## Exercise brief
Word for word, restate the records that come next, omitting the images.

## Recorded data
Content starts

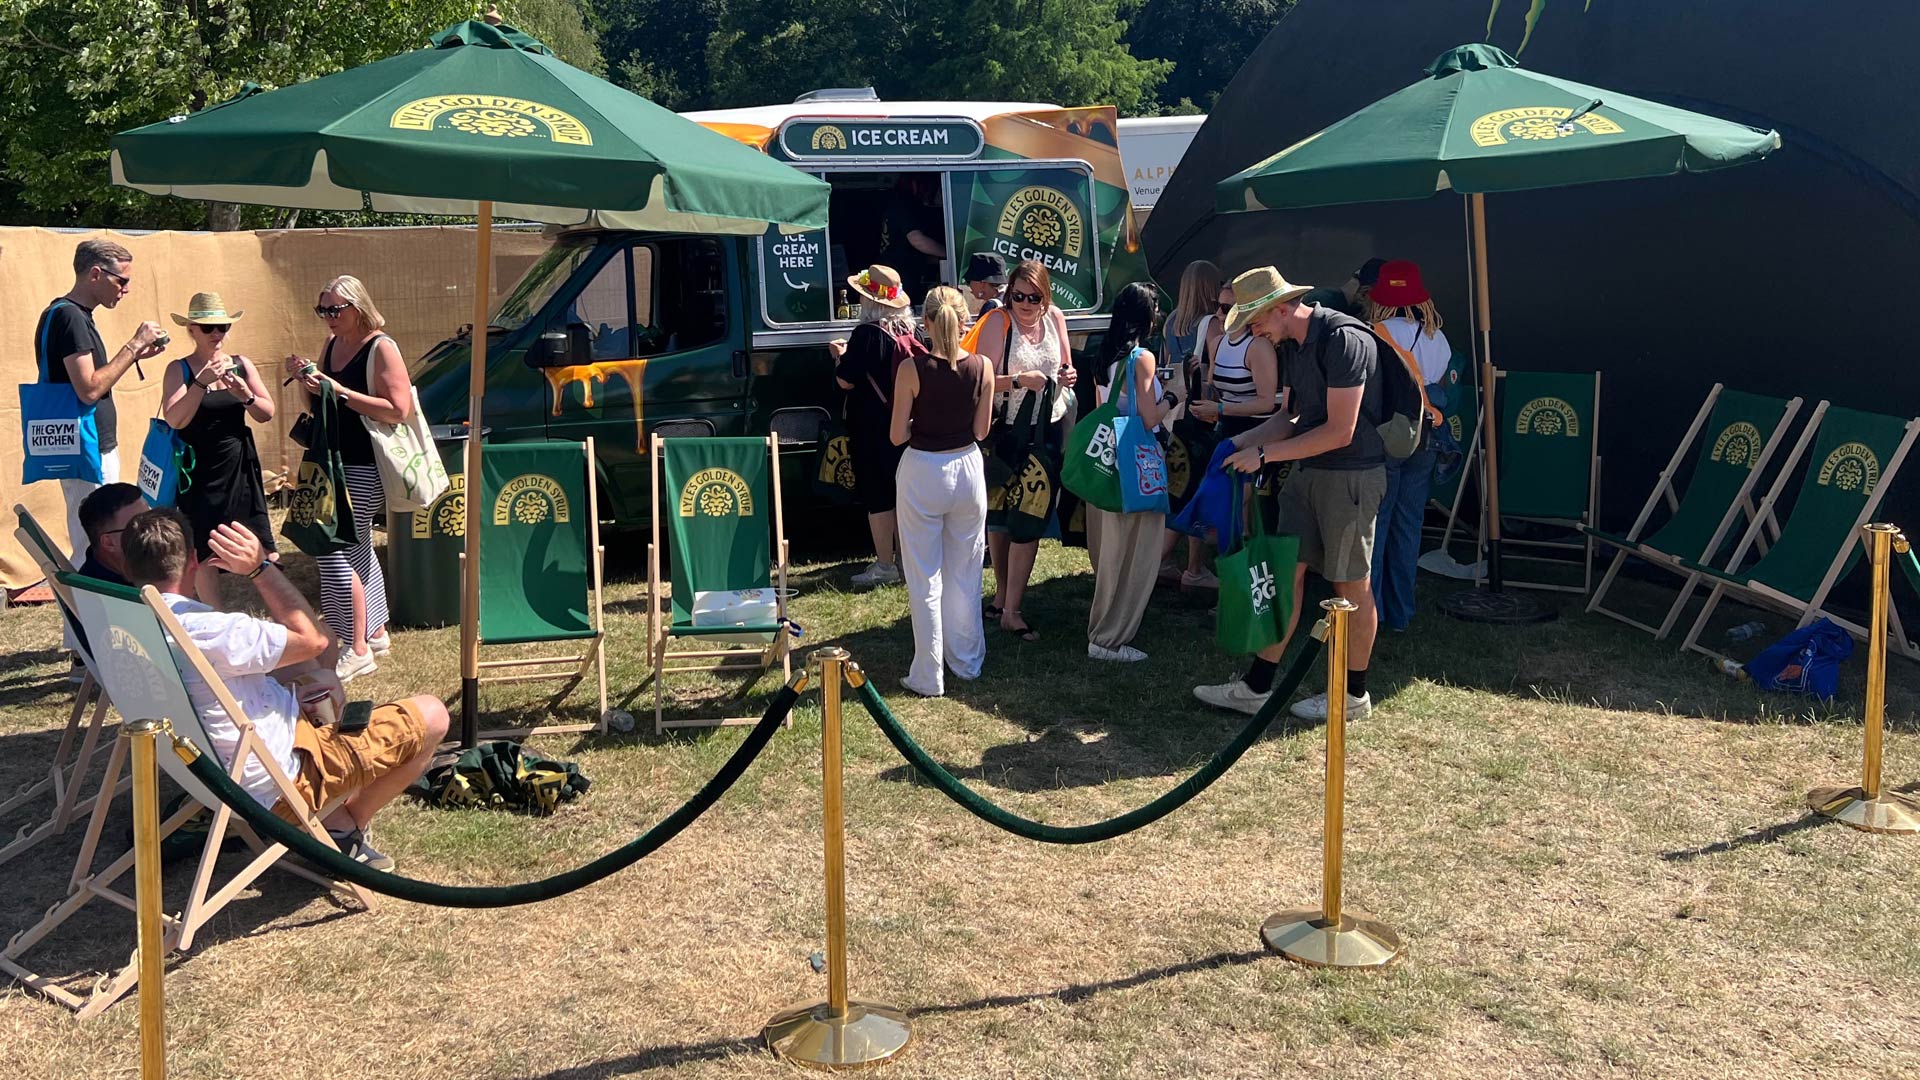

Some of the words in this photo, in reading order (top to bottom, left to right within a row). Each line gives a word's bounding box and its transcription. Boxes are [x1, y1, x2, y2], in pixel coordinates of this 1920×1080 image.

[400, 101, 441, 126] LYLE'S
[439, 97, 545, 115] GOLDEN
[541, 113, 583, 142] SYRUP
[1479, 121, 1499, 144] LYLE'S
[1491, 108, 1566, 122] GOLDEN
[1580, 113, 1614, 132] YRUP
[852, 129, 882, 146] ICE
[884, 129, 949, 146] CREAM
[1134, 187, 1161, 195] Venue
[1001, 196, 1025, 231] LYLE'S
[1024, 189, 1072, 214] GOLDEN
[1066, 214, 1080, 252] SYRUP
[773, 243, 819, 255] CREAM
[779, 256, 814, 268] HERE
[992, 237, 1019, 258] ICE
[1021, 247, 1078, 276] CREAM
[1051, 282, 1083, 309] SWIRLS
[31, 425, 45, 435] THE
[45, 424, 75, 435] GYM
[1532, 399, 1566, 412] GOLDEN
[1564, 408, 1577, 434] SYRUP
[1730, 424, 1757, 438] GOLDEN
[32, 435, 75, 446] KITCHEN
[1840, 445, 1872, 462] GOLDEN
[1867, 460, 1878, 492] SYRUP
[510, 477, 552, 492] GOLDEN
[550, 487, 567, 518] SYRUP
[683, 482, 698, 512] LYLE'S
[695, 470, 736, 485] GOLDEN
[734, 481, 751, 512] SYRUP

Content ends

## Problem solution
Some of the words in this photo, in reading order (top to bottom, left to right within a row). Each line gives a word's bounding box and its transcription. Boxes are [x1, y1, x2, y2], in pixel coordinates of this 1920×1080 image.

[400, 101, 441, 126] LYLE'S
[439, 97, 545, 115] GOLDEN
[541, 113, 583, 142] SYRUP
[1479, 121, 1499, 144] LYLE'S
[1491, 108, 1566, 122] GOLDEN
[1580, 113, 1614, 132] YRUP
[852, 129, 882, 146] ICE
[884, 129, 949, 146] CREAM
[1134, 187, 1161, 195] Venue
[1001, 196, 1025, 231] LYLE'S
[1024, 189, 1072, 214] GOLDEN
[1066, 214, 1080, 252] SYRUP
[773, 243, 819, 255] CREAM
[779, 256, 814, 268] HERE
[992, 237, 1019, 258] ICE
[1021, 247, 1078, 276] CREAM
[1051, 282, 1083, 309] SWIRLS
[31, 425, 45, 435] THE
[45, 424, 75, 435] GYM
[1532, 399, 1566, 412] GOLDEN
[1564, 408, 1577, 434] SYRUP
[1730, 424, 1757, 438] GOLDEN
[32, 435, 75, 446] KITCHEN
[1840, 445, 1872, 462] GOLDEN
[1867, 460, 1878, 492] SYRUP
[510, 477, 552, 492] GOLDEN
[550, 487, 567, 518] SYRUP
[683, 482, 698, 512] LYLE'S
[695, 470, 736, 485] GOLDEN
[734, 481, 751, 512] SYRUP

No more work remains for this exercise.